Dataset excerpts: Begin

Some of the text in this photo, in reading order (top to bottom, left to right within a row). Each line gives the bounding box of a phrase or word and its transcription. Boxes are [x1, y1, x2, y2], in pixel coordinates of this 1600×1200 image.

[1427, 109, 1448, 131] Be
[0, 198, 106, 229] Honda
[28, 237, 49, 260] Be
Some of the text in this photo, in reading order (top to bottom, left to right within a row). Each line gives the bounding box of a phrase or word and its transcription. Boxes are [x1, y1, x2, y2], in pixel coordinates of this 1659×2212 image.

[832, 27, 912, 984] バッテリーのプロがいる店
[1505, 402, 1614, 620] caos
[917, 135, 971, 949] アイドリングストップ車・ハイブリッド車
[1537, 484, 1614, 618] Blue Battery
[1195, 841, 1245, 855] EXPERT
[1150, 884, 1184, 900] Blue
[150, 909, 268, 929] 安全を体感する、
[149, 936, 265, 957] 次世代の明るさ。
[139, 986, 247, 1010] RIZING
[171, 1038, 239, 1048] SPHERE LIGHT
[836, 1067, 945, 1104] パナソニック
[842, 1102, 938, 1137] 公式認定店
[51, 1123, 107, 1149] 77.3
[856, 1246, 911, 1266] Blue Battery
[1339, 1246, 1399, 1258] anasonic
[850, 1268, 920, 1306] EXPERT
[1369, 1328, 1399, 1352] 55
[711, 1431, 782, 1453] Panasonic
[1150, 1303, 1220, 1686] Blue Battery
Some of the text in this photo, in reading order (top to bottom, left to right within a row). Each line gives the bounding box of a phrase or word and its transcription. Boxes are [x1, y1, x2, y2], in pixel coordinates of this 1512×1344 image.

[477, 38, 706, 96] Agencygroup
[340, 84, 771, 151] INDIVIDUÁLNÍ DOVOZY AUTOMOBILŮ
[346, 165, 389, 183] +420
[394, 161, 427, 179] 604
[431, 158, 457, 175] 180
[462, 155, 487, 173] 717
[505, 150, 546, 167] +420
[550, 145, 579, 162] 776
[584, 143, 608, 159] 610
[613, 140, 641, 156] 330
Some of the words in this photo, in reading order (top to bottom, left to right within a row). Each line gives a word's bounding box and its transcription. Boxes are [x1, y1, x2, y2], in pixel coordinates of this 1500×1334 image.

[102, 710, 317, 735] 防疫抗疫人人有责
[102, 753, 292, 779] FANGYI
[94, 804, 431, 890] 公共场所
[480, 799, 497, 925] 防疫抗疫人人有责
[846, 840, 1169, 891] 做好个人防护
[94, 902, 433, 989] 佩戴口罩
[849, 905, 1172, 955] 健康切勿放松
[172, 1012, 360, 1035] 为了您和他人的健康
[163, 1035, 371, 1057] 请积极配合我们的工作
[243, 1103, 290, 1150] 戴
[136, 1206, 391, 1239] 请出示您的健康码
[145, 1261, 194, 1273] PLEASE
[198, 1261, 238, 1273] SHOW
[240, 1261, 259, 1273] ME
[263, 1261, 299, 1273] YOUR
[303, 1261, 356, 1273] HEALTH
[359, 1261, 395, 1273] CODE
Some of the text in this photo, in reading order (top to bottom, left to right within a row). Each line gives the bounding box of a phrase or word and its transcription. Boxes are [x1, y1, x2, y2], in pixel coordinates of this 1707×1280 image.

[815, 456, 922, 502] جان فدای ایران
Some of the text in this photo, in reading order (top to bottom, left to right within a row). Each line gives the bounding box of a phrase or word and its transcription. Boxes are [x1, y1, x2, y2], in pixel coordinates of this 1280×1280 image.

Dataset excerpts: End

* _Aim of the exercise_
When the material above has been read, copy all of it exactly.

* _Output of the exercise_
Some of the text in this photo, in reading order (top to bottom, left to right within a row). Each line gives the bounding box of a phrase or word and its transcription. Boxes are [x1, y1, x2, y2], in pixel coordinates of this 1600×1200 image.

[1427, 109, 1448, 131] Be
[0, 198, 106, 229] Honda
[28, 237, 49, 260] Be
Some of the text in this photo, in reading order (top to bottom, left to right within a row). Each line gives the bounding box of a phrase or word and its transcription. Boxes are [x1, y1, x2, y2], in pixel coordinates of this 1659×2212 image.

[832, 27, 912, 984] バッテリーのプロがいる店
[1505, 402, 1614, 620] caos
[917, 135, 971, 949] アイドリングストップ車・ハイブリッド車
[1537, 484, 1614, 618] Blue Battery
[1195, 841, 1245, 855] EXPERT
[1150, 884, 1184, 900] Blue
[150, 909, 268, 929] 安全を体感する、
[149, 936, 265, 957] 次世代の明るさ。
[139, 986, 247, 1010] RIZING
[171, 1038, 239, 1048] SPHERE LIGHT
[836, 1067, 945, 1104] パナソニック
[842, 1102, 938, 1137] 公式認定店
[51, 1123, 107, 1149] 77.3
[856, 1246, 911, 1266] Blue Battery
[1339, 1246, 1399, 1258] anasonic
[850, 1268, 920, 1306] EXPERT
[1369, 1328, 1399, 1352] 55
[711, 1431, 782, 1453] Panasonic
[1150, 1303, 1220, 1686] Blue Battery
Some of the text in this photo, in reading order (top to bottom, left to right within a row). Each line gives the bounding box of a phrase or word and its transcription. Boxes are [x1, y1, x2, y2], in pixel coordinates of this 1512×1344 image.

[477, 38, 706, 96] Agencygroup
[340, 84, 771, 151] INDIVIDUÁLNÍ DOVOZY AUTOMOBILŮ
[346, 165, 389, 183] +420
[394, 161, 427, 179] 604
[431, 158, 457, 175] 180
[462, 155, 487, 173] 717
[505, 150, 546, 167] +420
[550, 145, 579, 162] 776
[584, 143, 608, 159] 610
[613, 140, 641, 156] 330
Some of the words in this photo, in reading order (top to bottom, left to right within a row). Each line gives a word's bounding box and its transcription. Boxes are [x1, y1, x2, y2], in pixel coordinates of this 1500×1334 image.

[102, 710, 317, 735] 防疫抗疫人人有责
[102, 753, 292, 779] FANGYI
[94, 804, 431, 890] 公共场所
[480, 799, 497, 925] 防疫抗疫人人有责
[846, 840, 1169, 891] 做好个人防护
[94, 902, 433, 989] 佩戴口罩
[849, 905, 1172, 955] 健康切勿放松
[172, 1012, 360, 1035] 为了您和他人的健康
[163, 1035, 371, 1057] 请积极配合我们的工作
[243, 1103, 290, 1150] 戴
[136, 1206, 391, 1239] 请出示您的健康码
[145, 1261, 194, 1273] PLEASE
[198, 1261, 238, 1273] SHOW
[240, 1261, 259, 1273] ME
[263, 1261, 299, 1273] YOUR
[303, 1261, 356, 1273] HEALTH
[359, 1261, 395, 1273] CODE
Some of the text in this photo, in reading order (top to bottom, left to right within a row). Each line gives the bounding box of a phrase or word and its transcription. Boxes are [x1, y1, x2, y2], in pixel coordinates of this 1707×1280 image.

[815, 456, 922, 502] جان فدای ایران
Some of the text in this photo, in reading order (top to bottom, left to right within a row). Each line gives the bounding box of a phrase or word and its transcription. Boxes are [x1, y1, x2, y2], in pixel coordinates of this 1280×1280 image.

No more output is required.